[Stored items]
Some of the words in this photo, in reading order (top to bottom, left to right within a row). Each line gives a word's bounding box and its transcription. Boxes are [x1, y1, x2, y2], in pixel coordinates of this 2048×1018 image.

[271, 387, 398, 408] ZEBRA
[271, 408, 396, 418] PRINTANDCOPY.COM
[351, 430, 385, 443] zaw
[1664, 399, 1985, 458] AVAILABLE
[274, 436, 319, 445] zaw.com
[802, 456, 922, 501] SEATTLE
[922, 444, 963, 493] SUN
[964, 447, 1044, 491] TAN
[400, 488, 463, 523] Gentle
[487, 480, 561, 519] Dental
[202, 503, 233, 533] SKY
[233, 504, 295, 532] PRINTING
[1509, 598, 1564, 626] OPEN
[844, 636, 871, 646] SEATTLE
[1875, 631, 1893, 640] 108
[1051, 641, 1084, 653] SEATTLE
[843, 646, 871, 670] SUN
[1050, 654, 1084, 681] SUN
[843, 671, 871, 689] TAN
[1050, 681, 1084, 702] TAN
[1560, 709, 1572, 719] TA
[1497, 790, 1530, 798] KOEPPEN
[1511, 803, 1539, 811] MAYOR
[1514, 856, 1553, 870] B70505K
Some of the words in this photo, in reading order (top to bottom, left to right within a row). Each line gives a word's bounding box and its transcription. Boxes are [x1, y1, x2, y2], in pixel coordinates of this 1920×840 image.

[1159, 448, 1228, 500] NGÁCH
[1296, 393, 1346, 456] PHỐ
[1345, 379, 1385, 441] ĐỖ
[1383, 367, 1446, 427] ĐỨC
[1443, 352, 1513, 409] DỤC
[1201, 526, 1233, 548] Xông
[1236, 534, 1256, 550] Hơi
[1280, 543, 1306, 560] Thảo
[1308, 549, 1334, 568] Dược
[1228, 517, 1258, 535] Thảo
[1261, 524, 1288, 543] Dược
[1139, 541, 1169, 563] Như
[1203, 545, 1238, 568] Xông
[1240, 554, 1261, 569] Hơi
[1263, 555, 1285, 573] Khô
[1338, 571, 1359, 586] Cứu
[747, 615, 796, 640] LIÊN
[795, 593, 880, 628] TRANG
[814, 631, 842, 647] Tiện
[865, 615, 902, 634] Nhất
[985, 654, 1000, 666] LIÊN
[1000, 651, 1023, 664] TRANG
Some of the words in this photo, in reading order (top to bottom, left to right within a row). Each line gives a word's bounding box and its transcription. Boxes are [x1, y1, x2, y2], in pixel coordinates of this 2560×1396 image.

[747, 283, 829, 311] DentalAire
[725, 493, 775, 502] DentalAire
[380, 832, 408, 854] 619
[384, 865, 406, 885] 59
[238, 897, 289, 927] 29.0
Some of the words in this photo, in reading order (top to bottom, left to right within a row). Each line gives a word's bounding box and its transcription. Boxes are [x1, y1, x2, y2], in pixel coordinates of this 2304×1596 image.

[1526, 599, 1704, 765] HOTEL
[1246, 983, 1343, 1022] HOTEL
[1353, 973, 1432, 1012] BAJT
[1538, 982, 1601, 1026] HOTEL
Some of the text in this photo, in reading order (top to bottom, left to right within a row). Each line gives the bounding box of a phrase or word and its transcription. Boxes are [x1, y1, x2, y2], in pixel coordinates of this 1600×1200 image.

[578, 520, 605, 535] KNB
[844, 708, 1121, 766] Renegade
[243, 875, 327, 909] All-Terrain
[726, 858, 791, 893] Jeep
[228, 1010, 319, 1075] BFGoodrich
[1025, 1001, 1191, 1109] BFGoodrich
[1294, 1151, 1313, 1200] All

- _Problem details_:
Look above for the line containing "this 2304×1596 image.", then please write out that line and each one after it through the end, exactly, with nothing else.

- _Solution to this exercise_:
Some of the words in this photo, in reading order (top to bottom, left to right within a row). Each line gives a word's bounding box and its transcription. Boxes are [x1, y1, x2, y2], in pixel coordinates of this 2304×1596 image.

[1526, 599, 1704, 765] HOTEL
[1246, 983, 1343, 1022] HOTEL
[1353, 973, 1432, 1012] BAJT
[1538, 982, 1601, 1026] HOTEL
Some of the text in this photo, in reading order (top to bottom, left to right within a row). Each line gives the bounding box of a phrase or word and its transcription. Boxes are [x1, y1, x2, y2], in pixel coordinates of this 1600×1200 image.

[578, 520, 605, 535] KNB
[844, 708, 1121, 766] Renegade
[243, 875, 327, 909] All-Terrain
[726, 858, 791, 893] Jeep
[228, 1010, 319, 1075] BFGoodrich
[1025, 1001, 1191, 1109] BFGoodrich
[1294, 1151, 1313, 1200] All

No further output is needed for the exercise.